Alec reached for a bite of penne arrabiata. He immediately began to choke on it. Tears streamed from his eyes.
“Alexander!” said Magnus.
“I’m fine!” Alec gasped, looking horrified. He snatched at his piece of bread first and only realized that it was bread when he tried to dab his eyes with it. He dropped the bread hastily and grabbed his napkin up instead, hiding both streaming eyes and scarlet face.

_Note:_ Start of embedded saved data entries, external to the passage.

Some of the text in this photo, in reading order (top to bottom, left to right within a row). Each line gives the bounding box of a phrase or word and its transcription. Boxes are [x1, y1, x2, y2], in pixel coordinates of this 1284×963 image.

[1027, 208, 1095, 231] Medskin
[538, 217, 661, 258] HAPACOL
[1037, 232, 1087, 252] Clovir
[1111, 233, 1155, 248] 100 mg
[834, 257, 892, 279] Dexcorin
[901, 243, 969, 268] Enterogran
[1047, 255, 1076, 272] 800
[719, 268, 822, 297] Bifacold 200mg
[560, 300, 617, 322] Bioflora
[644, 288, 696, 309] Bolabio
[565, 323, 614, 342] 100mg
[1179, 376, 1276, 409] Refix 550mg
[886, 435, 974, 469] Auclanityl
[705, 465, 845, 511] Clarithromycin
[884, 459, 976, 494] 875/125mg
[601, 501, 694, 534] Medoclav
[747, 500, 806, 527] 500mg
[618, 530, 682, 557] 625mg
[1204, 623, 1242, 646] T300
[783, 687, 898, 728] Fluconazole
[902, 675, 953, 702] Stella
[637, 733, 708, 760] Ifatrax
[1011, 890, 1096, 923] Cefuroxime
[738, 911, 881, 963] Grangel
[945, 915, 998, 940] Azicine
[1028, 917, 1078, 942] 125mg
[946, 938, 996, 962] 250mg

“You are obviously not fine!” Magnus told him, and tried a very tiny bite of the penne. It burned like fire: Alec was still wheezing into his napkin. Magnus made a peremptory gesture for the waiter that might have included a few blue sparks snapping and crackling onto other people’s tablecloths.
The people eating near them were edging their tables subtly away.
“This penne is much too arrabiata, and you did it on purpose,” said Magnus when the surly werewolf waiter hove into view.
“Werewolf rights,” Erik grumped. “Crush the vile oppressors.”
“Nobody has ever won a revolution with pasta, Erik,” said Magnus. “Now go get a fresh dish, or I’ll tell Luigi on you.”
“I—” Erik began defiantly. Magnus narrowed his cat’s eyes. Erik met Magnus’s gaze and decided not to be a waiter hero. “Of course. My apologies.”